* [WHAT IS NEEDED]
Copy the records exactly, leaving out every picture.

* [STORED DATA]

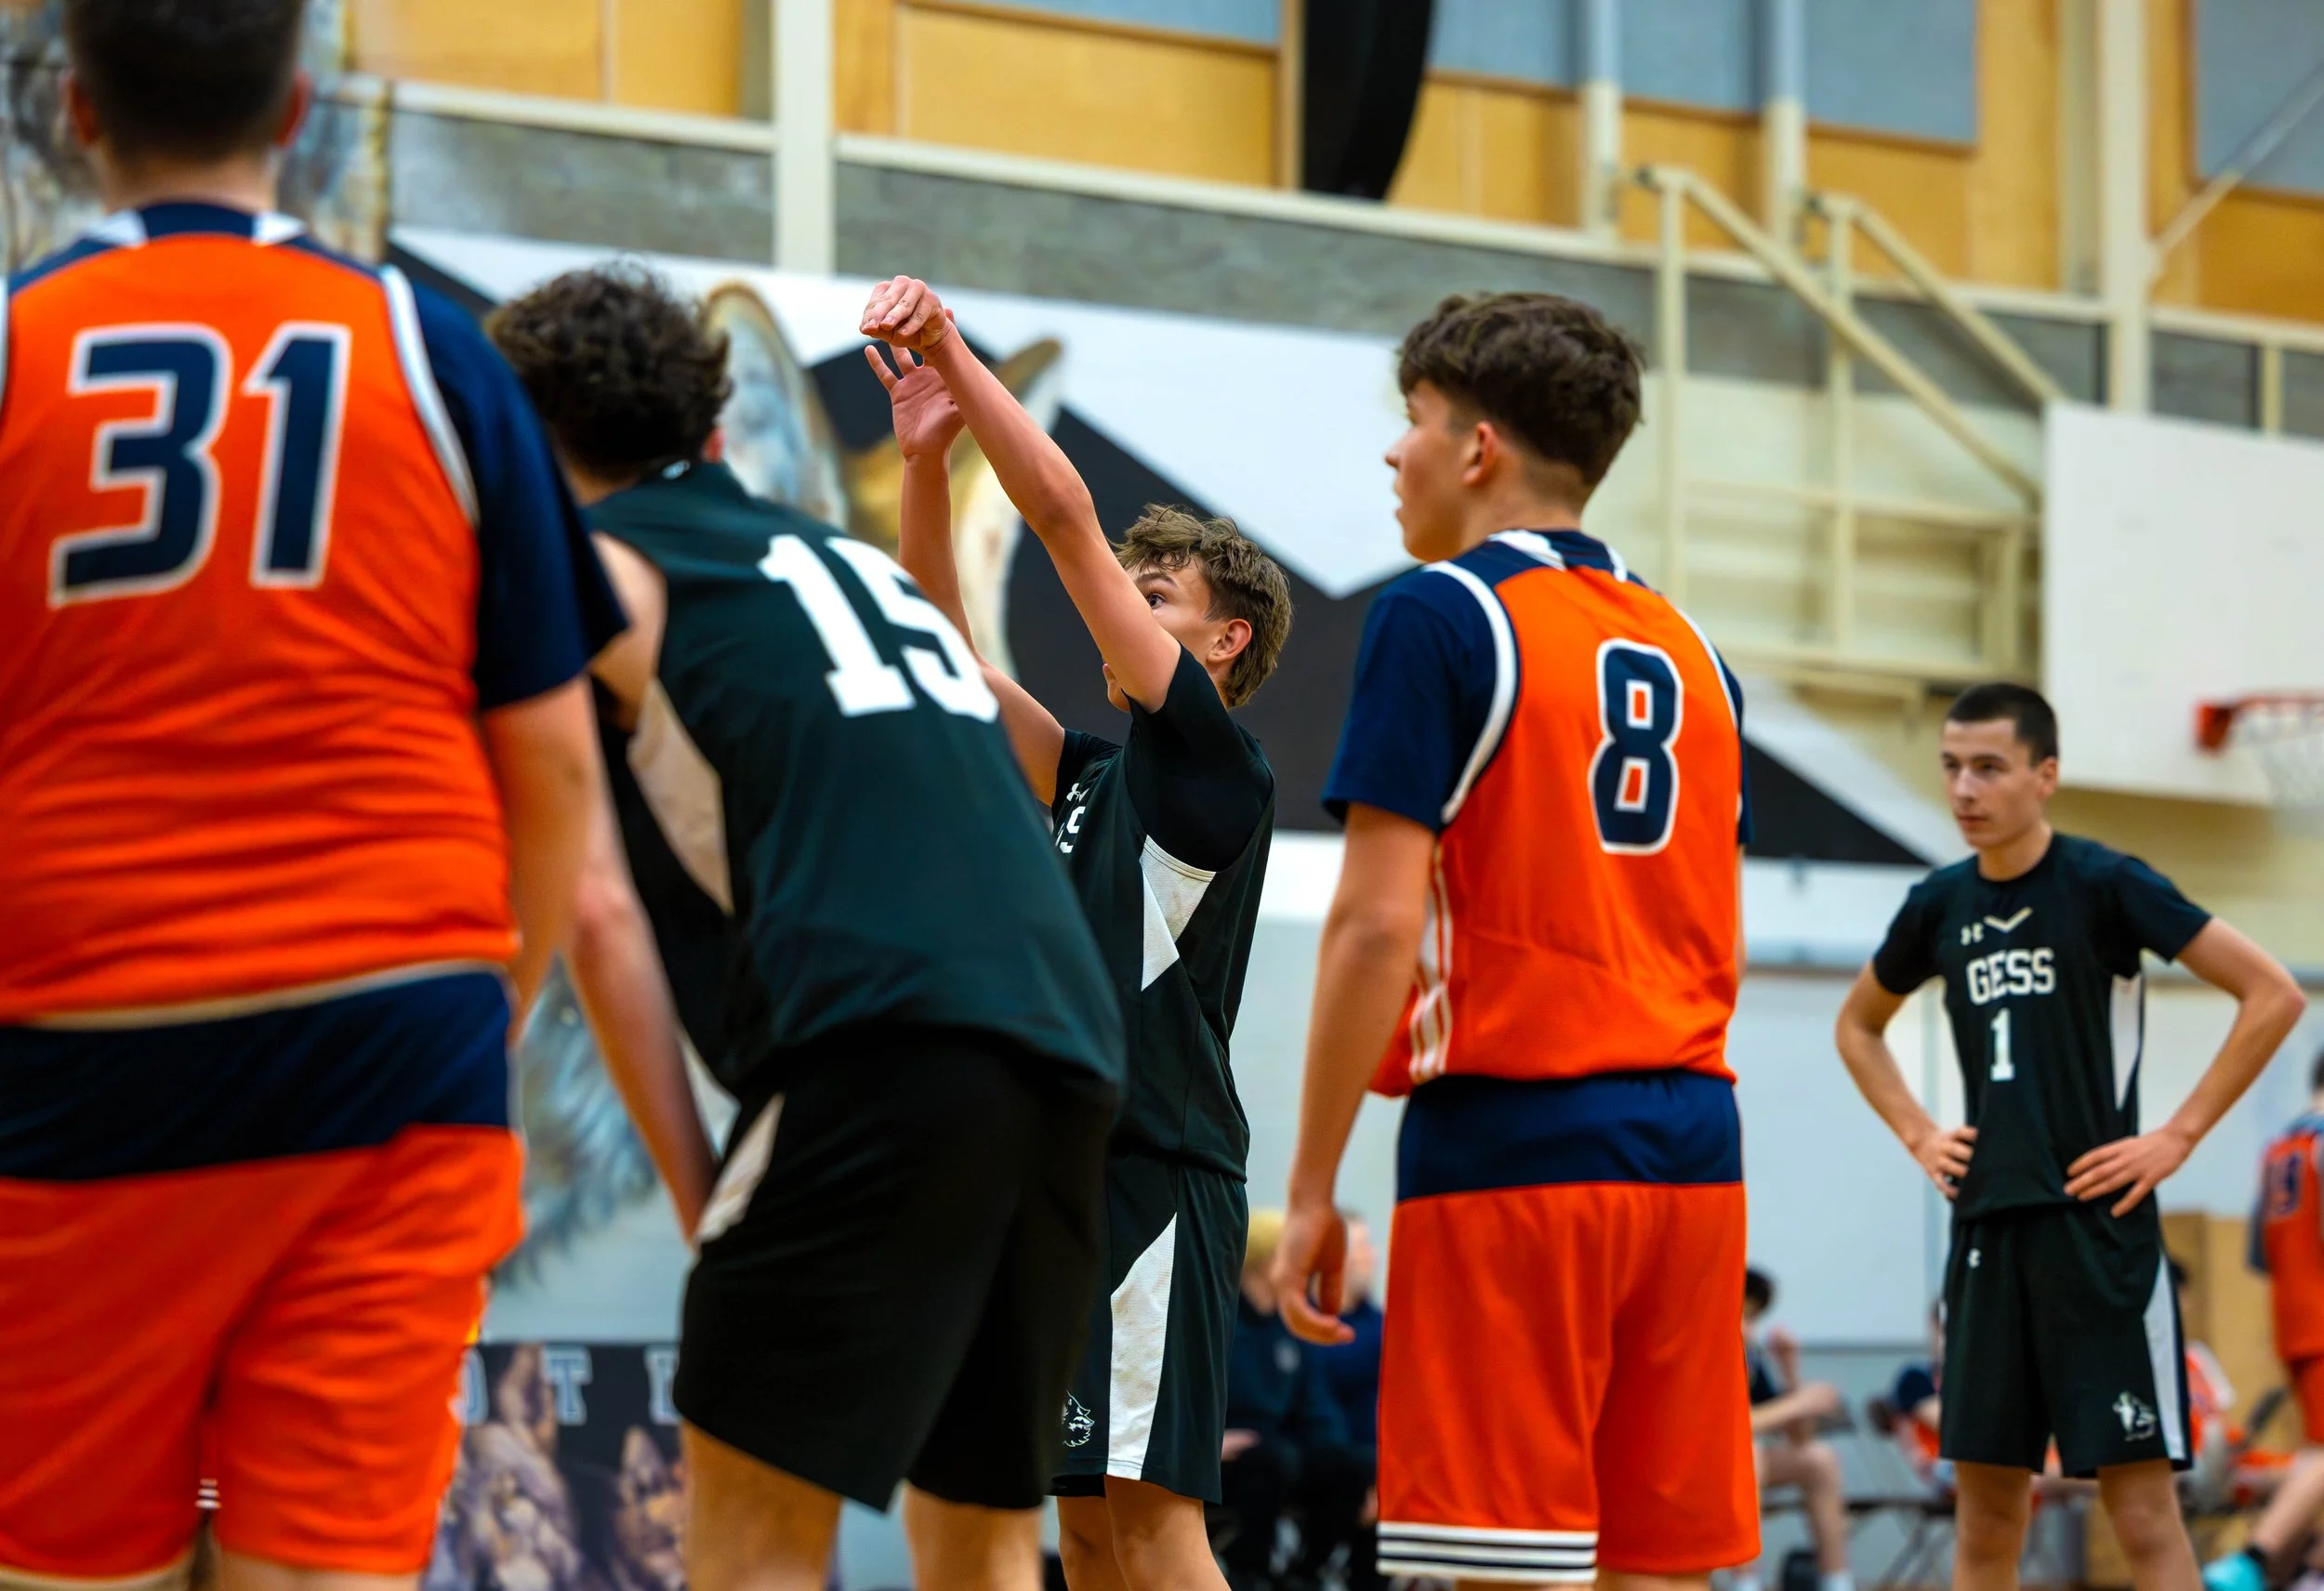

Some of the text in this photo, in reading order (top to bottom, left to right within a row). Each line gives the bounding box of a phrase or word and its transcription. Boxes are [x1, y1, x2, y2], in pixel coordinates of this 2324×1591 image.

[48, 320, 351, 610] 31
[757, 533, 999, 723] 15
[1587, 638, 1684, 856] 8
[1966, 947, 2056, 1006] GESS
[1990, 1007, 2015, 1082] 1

* [EXPECTED ANSWER]
Some of the text in this photo, in reading order (top to bottom, left to right within a row). Each line gives the bounding box of a phrase or word and its transcription. Boxes are [x1, y1, x2, y2], in pixel coordinates of this 2324×1591 image.

[48, 320, 351, 610] 31
[757, 533, 999, 723] 15
[1587, 638, 1684, 856] 8
[1966, 947, 2056, 1006] GESS
[1990, 1007, 2015, 1082] 1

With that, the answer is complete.